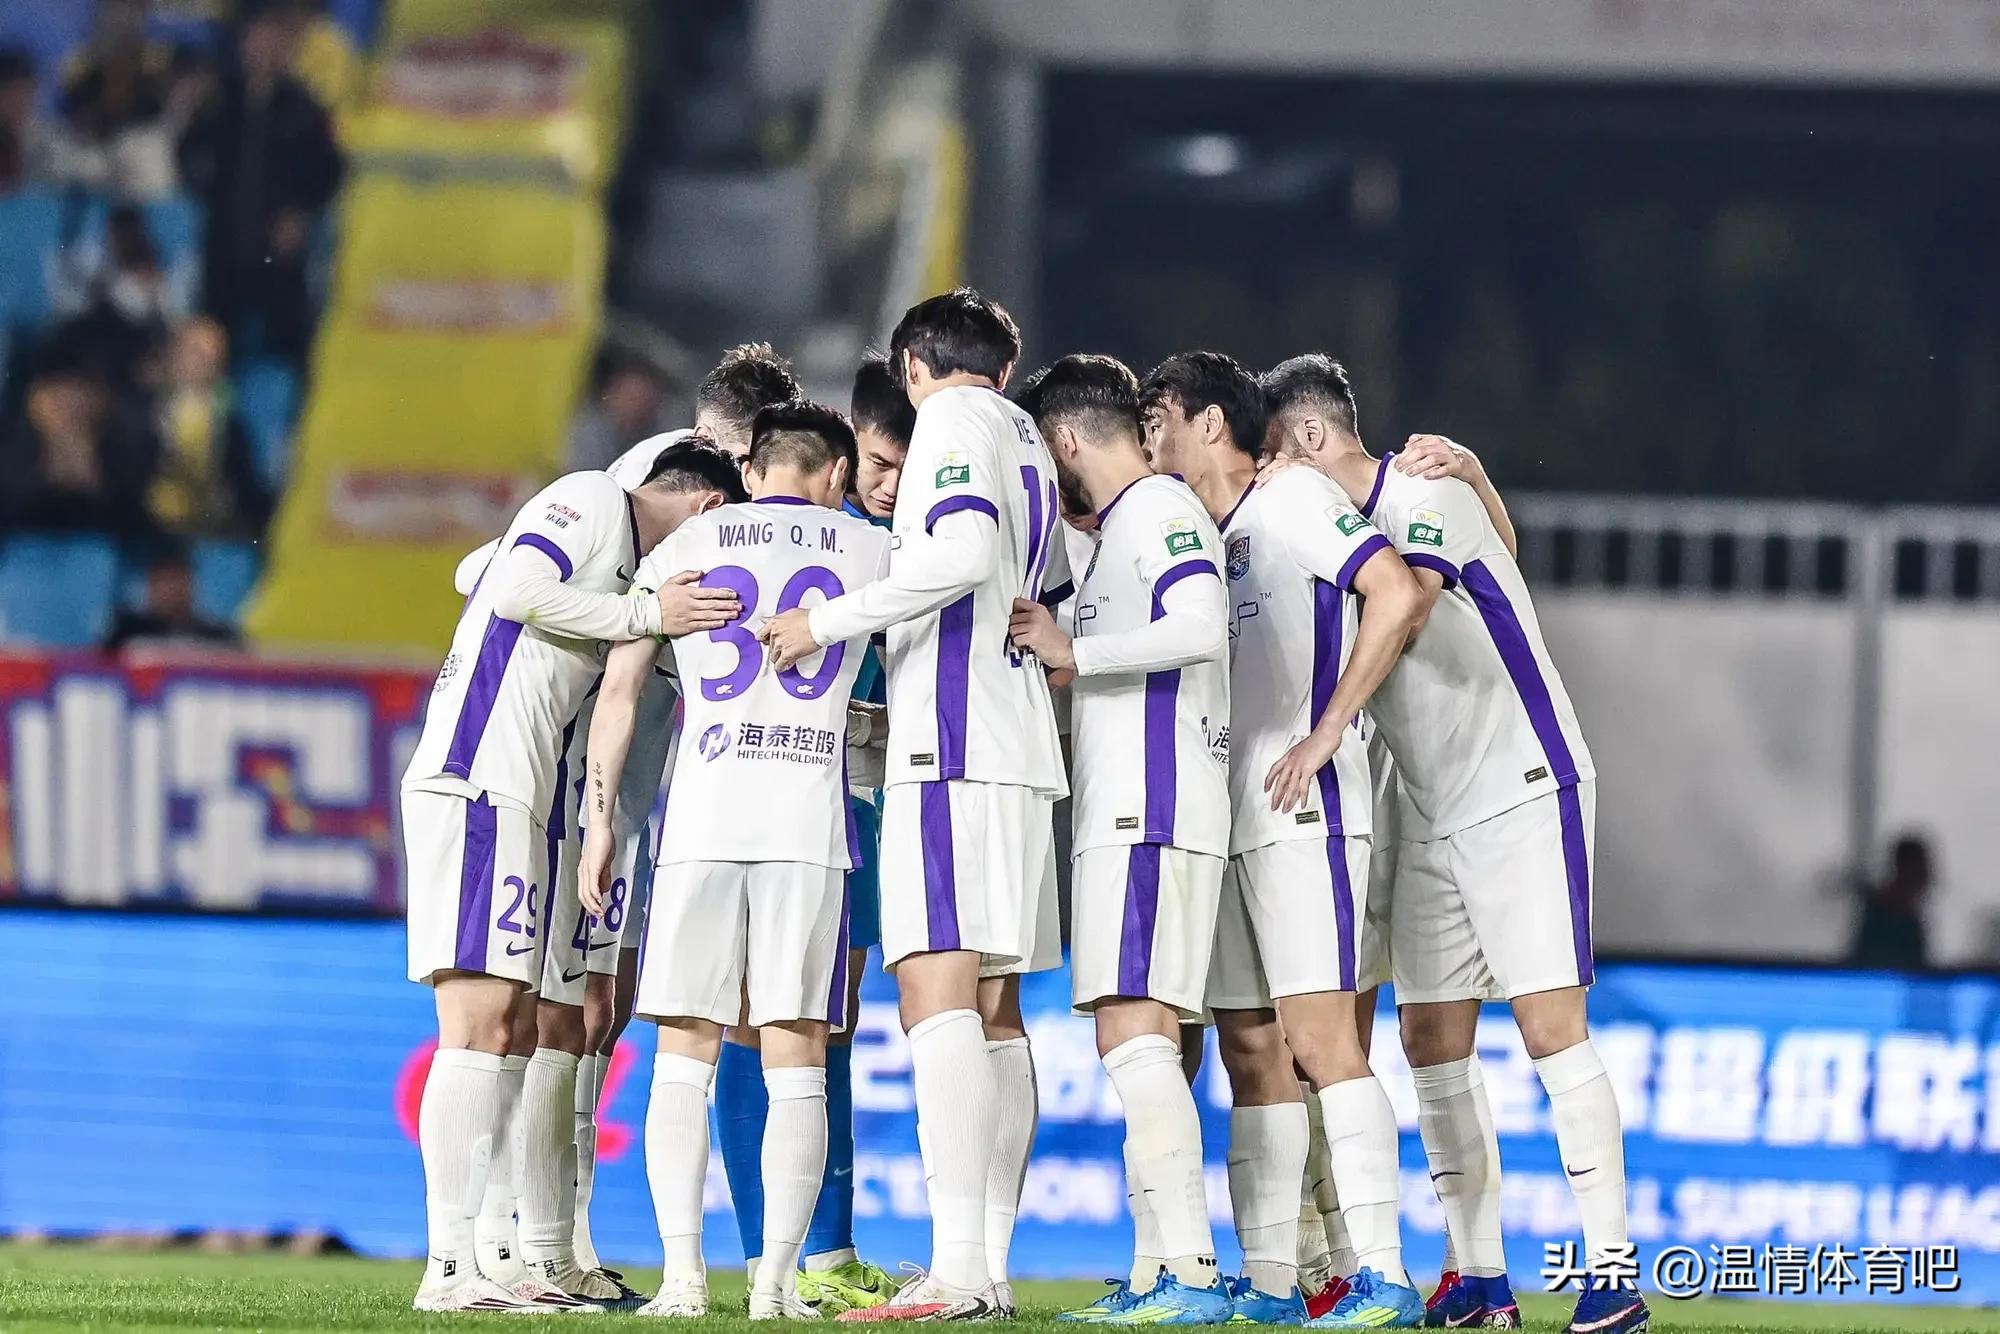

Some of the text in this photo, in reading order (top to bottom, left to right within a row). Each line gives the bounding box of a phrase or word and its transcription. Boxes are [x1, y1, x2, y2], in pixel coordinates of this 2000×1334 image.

[719, 522, 773, 548] WANG
[699, 565, 846, 702] 30
[737, 722, 836, 756] 海泰控股
[737, 749, 780, 760] HITECH
[497, 875, 537, 938] 29

* _ASSIGNMENT_
Pictures are to be excluded; everything else in the records must be reproduced exactly.

* _RESULT OF THE TASK_
Some of the text in this photo, in reading order (top to bottom, left to right within a row). Each line gives the bounding box of a phrase or word and its transcription. Boxes are [x1, y1, x2, y2], in pixel coordinates of this 2000×1334 image.

[719, 522, 773, 548] WANG
[699, 565, 846, 702] 30
[737, 722, 836, 756] 海泰控股
[737, 749, 780, 760] HITECH
[497, 875, 537, 938] 29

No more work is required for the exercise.